- _WORK ITEM_:
Reprint the lines below as they are, minus the pictures.

- _INFORMATION SHOWN_:

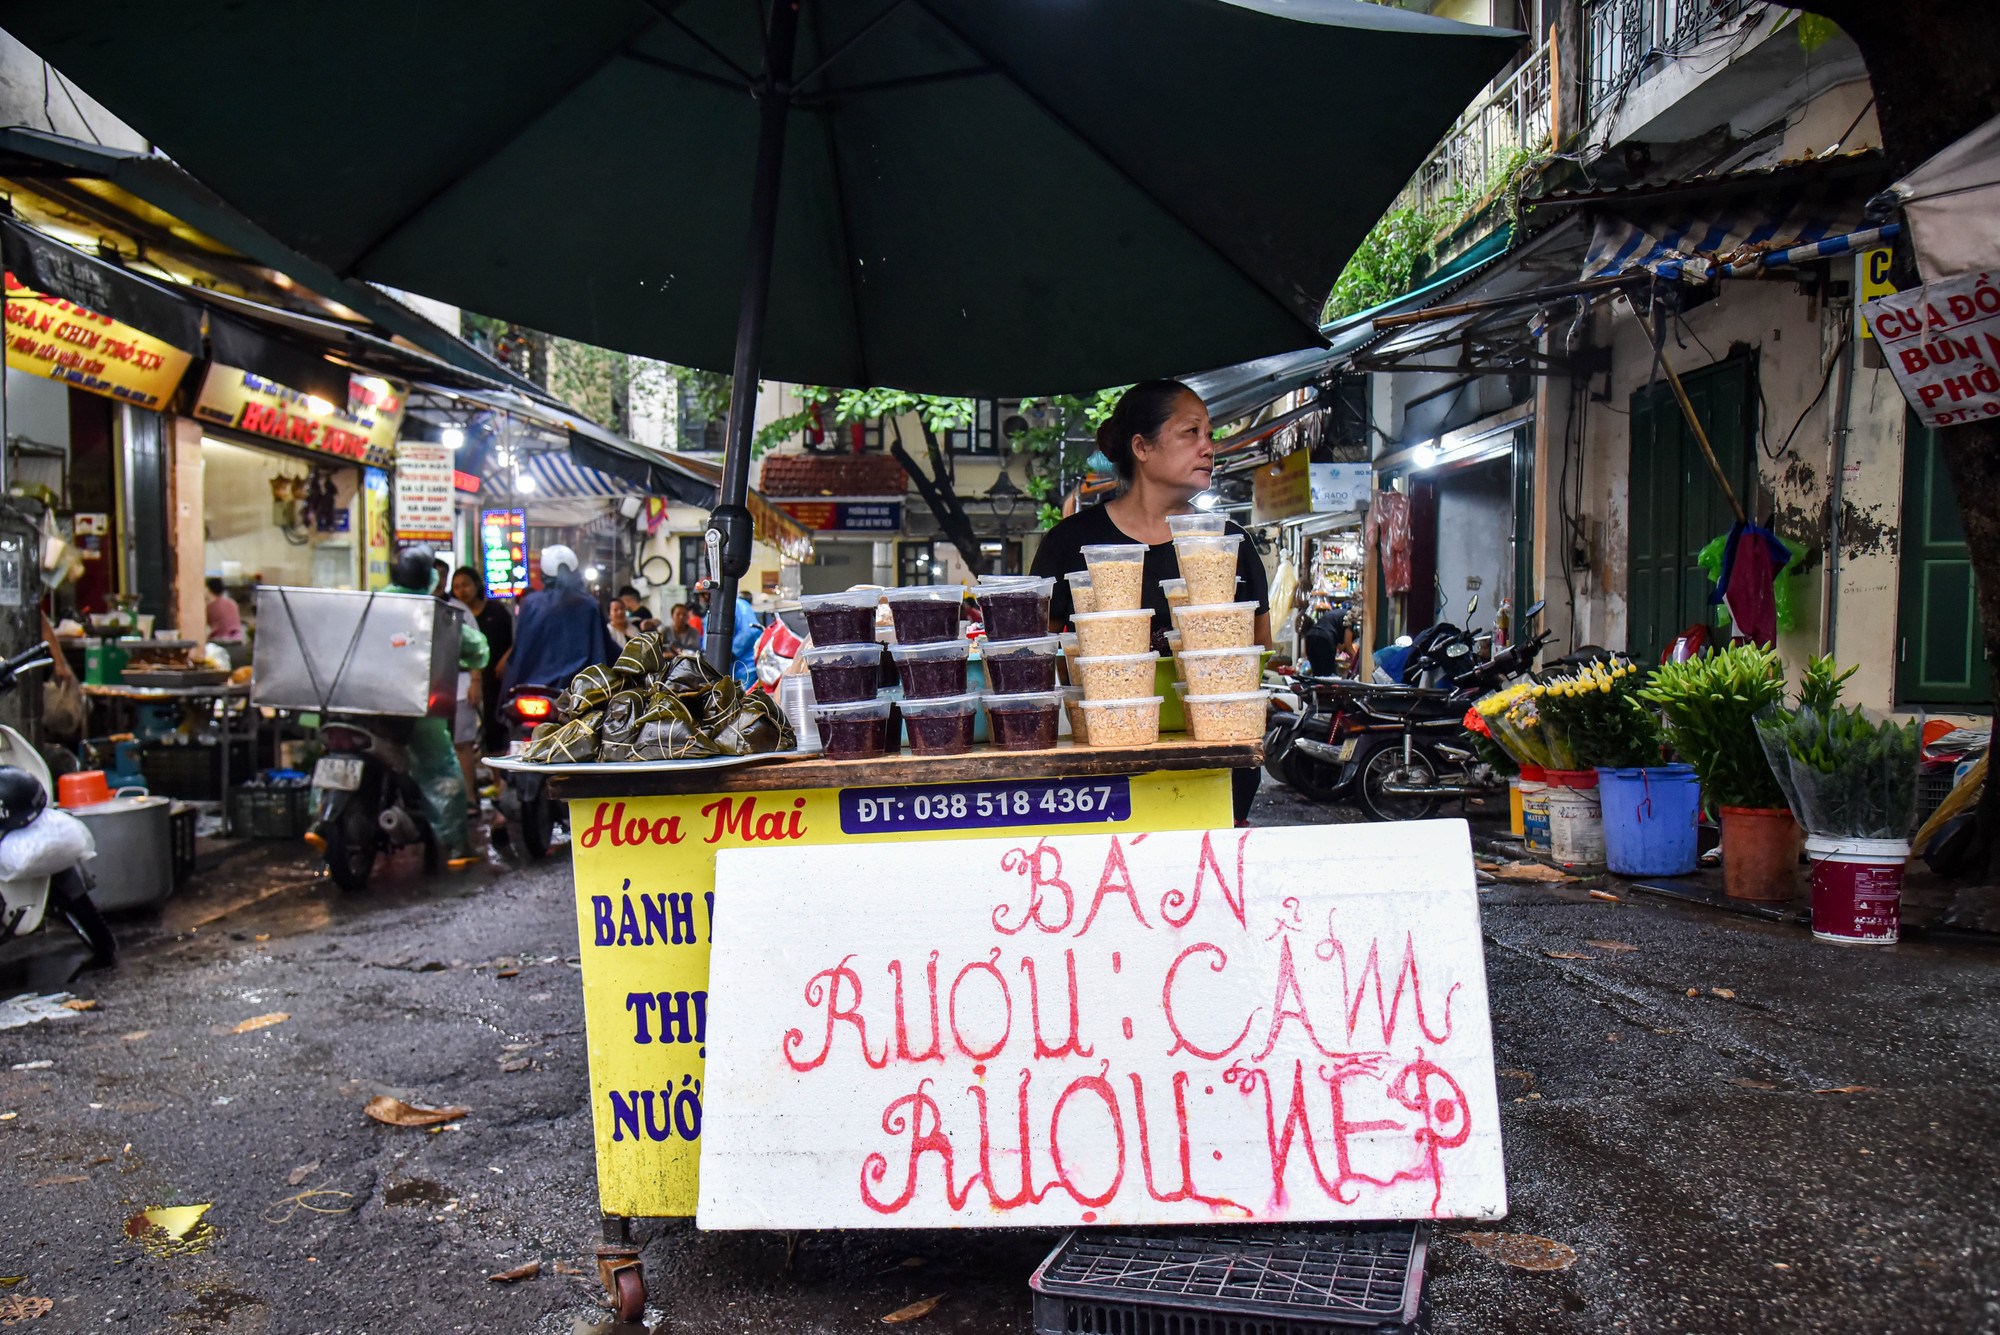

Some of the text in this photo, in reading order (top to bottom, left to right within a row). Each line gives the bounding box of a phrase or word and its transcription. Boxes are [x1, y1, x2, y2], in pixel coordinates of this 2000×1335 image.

[1875, 272, 2000, 339] CUA ĐỒ
[1899, 335, 1983, 376] BÚN
[1324, 492, 1348, 500] RADO
[581, 797, 808, 848] Hoa Mai
[857, 786, 1112, 823] ĐT: 038 518 4367
[591, 878, 697, 947] BÁNH
[992, 828, 1254, 938] BÁN
[609, 1073, 704, 1142] NƯỚ

- _SOLUTION_:
Some of the text in this photo, in reading order (top to bottom, left to right within a row). Each line gives the bounding box of a phrase or word and its transcription. Boxes are [x1, y1, x2, y2], in pixel coordinates of this 2000×1335 image.

[1875, 272, 2000, 339] CUA ĐỒ
[1899, 335, 1983, 376] BÚN
[1324, 492, 1348, 500] RADO
[581, 797, 808, 848] Hoa Mai
[857, 786, 1112, 823] ĐT: 038 518 4367
[591, 878, 697, 947] BÁNH
[992, 828, 1254, 938] BÁN
[609, 1073, 704, 1142] NƯỚ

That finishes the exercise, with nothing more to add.